§ **Try it**
Copy out all the entries below, word for word.
[Exercise materials Boundary: Start]
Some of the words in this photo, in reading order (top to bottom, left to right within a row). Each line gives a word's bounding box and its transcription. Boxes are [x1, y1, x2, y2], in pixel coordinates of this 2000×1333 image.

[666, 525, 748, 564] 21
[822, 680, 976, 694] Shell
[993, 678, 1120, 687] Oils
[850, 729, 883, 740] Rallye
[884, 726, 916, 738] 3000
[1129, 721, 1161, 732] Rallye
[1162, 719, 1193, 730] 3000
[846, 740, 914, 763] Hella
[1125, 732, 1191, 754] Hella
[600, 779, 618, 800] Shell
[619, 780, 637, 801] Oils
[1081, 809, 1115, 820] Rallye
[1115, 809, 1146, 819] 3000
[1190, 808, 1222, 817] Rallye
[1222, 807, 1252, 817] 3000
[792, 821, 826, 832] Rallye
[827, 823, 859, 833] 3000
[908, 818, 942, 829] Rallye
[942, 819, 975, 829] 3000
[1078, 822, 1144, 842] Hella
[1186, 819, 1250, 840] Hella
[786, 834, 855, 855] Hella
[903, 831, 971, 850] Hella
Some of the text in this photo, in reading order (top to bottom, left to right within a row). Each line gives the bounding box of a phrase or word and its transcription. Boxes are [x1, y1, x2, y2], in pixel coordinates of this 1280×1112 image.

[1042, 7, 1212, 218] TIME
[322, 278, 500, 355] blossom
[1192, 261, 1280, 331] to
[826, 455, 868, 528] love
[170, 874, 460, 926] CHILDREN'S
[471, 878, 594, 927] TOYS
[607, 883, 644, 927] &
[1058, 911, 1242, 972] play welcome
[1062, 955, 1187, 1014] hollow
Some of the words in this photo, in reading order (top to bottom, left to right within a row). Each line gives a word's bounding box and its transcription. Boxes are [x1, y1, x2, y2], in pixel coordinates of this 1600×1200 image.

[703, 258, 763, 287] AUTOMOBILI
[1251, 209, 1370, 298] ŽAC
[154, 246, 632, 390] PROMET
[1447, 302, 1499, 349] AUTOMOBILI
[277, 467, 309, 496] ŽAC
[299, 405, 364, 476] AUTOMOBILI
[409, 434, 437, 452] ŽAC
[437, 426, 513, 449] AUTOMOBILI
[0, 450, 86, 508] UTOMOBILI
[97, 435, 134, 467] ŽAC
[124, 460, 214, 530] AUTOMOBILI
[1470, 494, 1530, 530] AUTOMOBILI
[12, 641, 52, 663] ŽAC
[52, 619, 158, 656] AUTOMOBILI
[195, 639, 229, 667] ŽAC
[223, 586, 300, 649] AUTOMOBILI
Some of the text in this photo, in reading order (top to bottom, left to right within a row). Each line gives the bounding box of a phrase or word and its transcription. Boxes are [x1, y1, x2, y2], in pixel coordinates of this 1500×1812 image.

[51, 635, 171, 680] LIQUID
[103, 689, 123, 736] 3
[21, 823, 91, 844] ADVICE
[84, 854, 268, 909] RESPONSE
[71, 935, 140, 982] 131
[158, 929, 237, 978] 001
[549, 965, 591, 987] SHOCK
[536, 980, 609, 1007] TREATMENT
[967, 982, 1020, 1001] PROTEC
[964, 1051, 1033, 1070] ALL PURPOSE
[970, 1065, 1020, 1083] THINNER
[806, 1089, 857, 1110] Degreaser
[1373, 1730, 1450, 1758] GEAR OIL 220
[Exercise materials Boundary: End]
§ **Solution below**
Some of the words in this photo, in reading order (top to bottom, left to right within a row). Each line gives a word's bounding box and its transcription. Boxes are [x1, y1, x2, y2], in pixel coordinates of this 2000×1333 image.

[666, 525, 748, 564] 21
[822, 680, 976, 694] Shell
[993, 678, 1120, 687] Oils
[850, 729, 883, 740] Rallye
[884, 726, 916, 738] 3000
[1129, 721, 1161, 732] Rallye
[1162, 719, 1193, 730] 3000
[846, 740, 914, 763] Hella
[1125, 732, 1191, 754] Hella
[600, 779, 618, 800] Shell
[619, 780, 637, 801] Oils
[1081, 809, 1115, 820] Rallye
[1115, 809, 1146, 819] 3000
[1190, 808, 1222, 817] Rallye
[1222, 807, 1252, 817] 3000
[792, 821, 826, 832] Rallye
[827, 823, 859, 833] 3000
[908, 818, 942, 829] Rallye
[942, 819, 975, 829] 3000
[1078, 822, 1144, 842] Hella
[1186, 819, 1250, 840] Hella
[786, 834, 855, 855] Hella
[903, 831, 971, 850] Hella
Some of the text in this photo, in reading order (top to bottom, left to right within a row). Each line gives the bounding box of a phrase or word and its transcription. Boxes are [x1, y1, x2, y2], in pixel coordinates of this 1280×1112 image.

[1042, 7, 1212, 218] TIME
[322, 278, 500, 355] blossom
[1192, 261, 1280, 331] to
[826, 455, 868, 528] love
[170, 874, 460, 926] CHILDREN'S
[471, 878, 594, 927] TOYS
[607, 883, 644, 927] &
[1058, 911, 1242, 972] play welcome
[1062, 955, 1187, 1014] hollow
Some of the words in this photo, in reading order (top to bottom, left to right within a row). Each line gives a word's bounding box and its transcription. Boxes are [x1, y1, x2, y2], in pixel coordinates of this 1600×1200 image.

[703, 258, 763, 287] AUTOMOBILI
[1251, 209, 1370, 298] ŽAC
[154, 246, 632, 390] PROMET
[1447, 302, 1499, 349] AUTOMOBILI
[277, 467, 309, 496] ŽAC
[299, 405, 364, 476] AUTOMOBILI
[409, 434, 437, 452] ŽAC
[437, 426, 513, 449] AUTOMOBILI
[0, 450, 86, 508] UTOMOBILI
[97, 435, 134, 467] ŽAC
[124, 460, 214, 530] AUTOMOBILI
[1470, 494, 1530, 530] AUTOMOBILI
[12, 641, 52, 663] ŽAC
[52, 619, 158, 656] AUTOMOBILI
[195, 639, 229, 667] ŽAC
[223, 586, 300, 649] AUTOMOBILI
Some of the text in this photo, in reading order (top to bottom, left to right within a row). Each line gives the bounding box of a phrase or word and its transcription. Boxes are [x1, y1, x2, y2], in pixel coordinates of this 1500×1812 image.

[51, 635, 171, 680] LIQUID
[103, 689, 123, 736] 3
[21, 823, 91, 844] ADVICE
[84, 854, 268, 909] RESPONSE
[71, 935, 140, 982] 131
[158, 929, 237, 978] 001
[549, 965, 591, 987] SHOCK
[536, 980, 609, 1007] TREATMENT
[967, 982, 1020, 1001] PROTEC
[964, 1051, 1033, 1070] ALL PURPOSE
[970, 1065, 1020, 1083] THINNER
[806, 1089, 857, 1110] Degreaser
[1373, 1730, 1450, 1758] GEAR OIL 220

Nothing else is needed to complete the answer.